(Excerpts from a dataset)

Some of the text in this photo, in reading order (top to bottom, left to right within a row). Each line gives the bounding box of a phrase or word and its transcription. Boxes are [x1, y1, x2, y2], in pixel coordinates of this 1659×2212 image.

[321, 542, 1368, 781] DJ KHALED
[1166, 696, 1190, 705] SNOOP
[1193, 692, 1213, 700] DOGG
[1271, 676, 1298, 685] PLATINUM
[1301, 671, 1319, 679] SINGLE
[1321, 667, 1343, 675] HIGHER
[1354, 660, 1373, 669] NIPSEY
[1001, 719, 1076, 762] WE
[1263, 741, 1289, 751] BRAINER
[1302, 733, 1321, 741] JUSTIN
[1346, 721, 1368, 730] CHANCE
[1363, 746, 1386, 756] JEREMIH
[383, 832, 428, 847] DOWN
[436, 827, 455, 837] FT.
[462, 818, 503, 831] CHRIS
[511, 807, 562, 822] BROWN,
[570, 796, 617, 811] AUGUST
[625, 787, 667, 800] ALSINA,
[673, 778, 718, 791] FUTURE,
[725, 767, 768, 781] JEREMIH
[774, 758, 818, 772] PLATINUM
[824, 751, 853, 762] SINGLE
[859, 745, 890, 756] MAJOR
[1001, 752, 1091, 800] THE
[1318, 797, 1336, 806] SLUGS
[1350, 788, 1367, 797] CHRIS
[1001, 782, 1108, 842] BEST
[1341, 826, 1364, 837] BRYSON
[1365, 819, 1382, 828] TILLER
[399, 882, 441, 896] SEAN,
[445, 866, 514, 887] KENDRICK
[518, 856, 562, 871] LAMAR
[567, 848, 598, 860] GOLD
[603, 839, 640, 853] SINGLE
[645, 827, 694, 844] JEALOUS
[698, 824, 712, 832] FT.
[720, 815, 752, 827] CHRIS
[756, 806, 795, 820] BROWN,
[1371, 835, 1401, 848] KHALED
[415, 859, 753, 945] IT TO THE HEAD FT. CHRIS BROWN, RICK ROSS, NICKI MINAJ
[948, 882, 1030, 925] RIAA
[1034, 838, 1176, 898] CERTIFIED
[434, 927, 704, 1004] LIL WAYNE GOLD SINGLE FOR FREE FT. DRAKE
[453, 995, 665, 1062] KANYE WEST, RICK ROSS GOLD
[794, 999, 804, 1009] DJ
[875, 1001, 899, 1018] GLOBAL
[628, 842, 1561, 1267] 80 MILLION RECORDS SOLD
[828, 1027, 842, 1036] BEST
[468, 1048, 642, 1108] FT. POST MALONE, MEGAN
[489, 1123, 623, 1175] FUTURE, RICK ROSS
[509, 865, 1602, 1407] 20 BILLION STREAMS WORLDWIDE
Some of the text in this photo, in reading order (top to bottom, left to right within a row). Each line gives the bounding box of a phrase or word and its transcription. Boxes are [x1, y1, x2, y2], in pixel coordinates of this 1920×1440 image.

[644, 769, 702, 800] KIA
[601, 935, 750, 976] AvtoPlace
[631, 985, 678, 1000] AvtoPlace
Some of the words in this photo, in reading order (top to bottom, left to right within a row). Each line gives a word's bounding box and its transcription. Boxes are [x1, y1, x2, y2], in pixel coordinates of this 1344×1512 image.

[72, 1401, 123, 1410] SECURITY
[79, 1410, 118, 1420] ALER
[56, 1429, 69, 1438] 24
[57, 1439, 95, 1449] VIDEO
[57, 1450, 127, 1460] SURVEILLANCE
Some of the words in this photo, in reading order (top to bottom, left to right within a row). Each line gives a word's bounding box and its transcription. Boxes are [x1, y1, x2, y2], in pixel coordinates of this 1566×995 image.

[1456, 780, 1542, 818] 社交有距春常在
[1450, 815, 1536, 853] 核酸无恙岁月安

◆ **What to work on**
Each line from the one containing "this 1566×995 image." to the last line above must be returned exactly, and no line outside that range.

◆ **Exercise answer**
Some of the words in this photo, in reading order (top to bottom, left to right within a row). Each line gives a word's bounding box and its transcription. Boxes are [x1, y1, x2, y2], in pixel coordinates of this 1566×995 image.

[1456, 780, 1542, 818] 社交有距春常在
[1450, 815, 1536, 853] 核酸无恙岁月安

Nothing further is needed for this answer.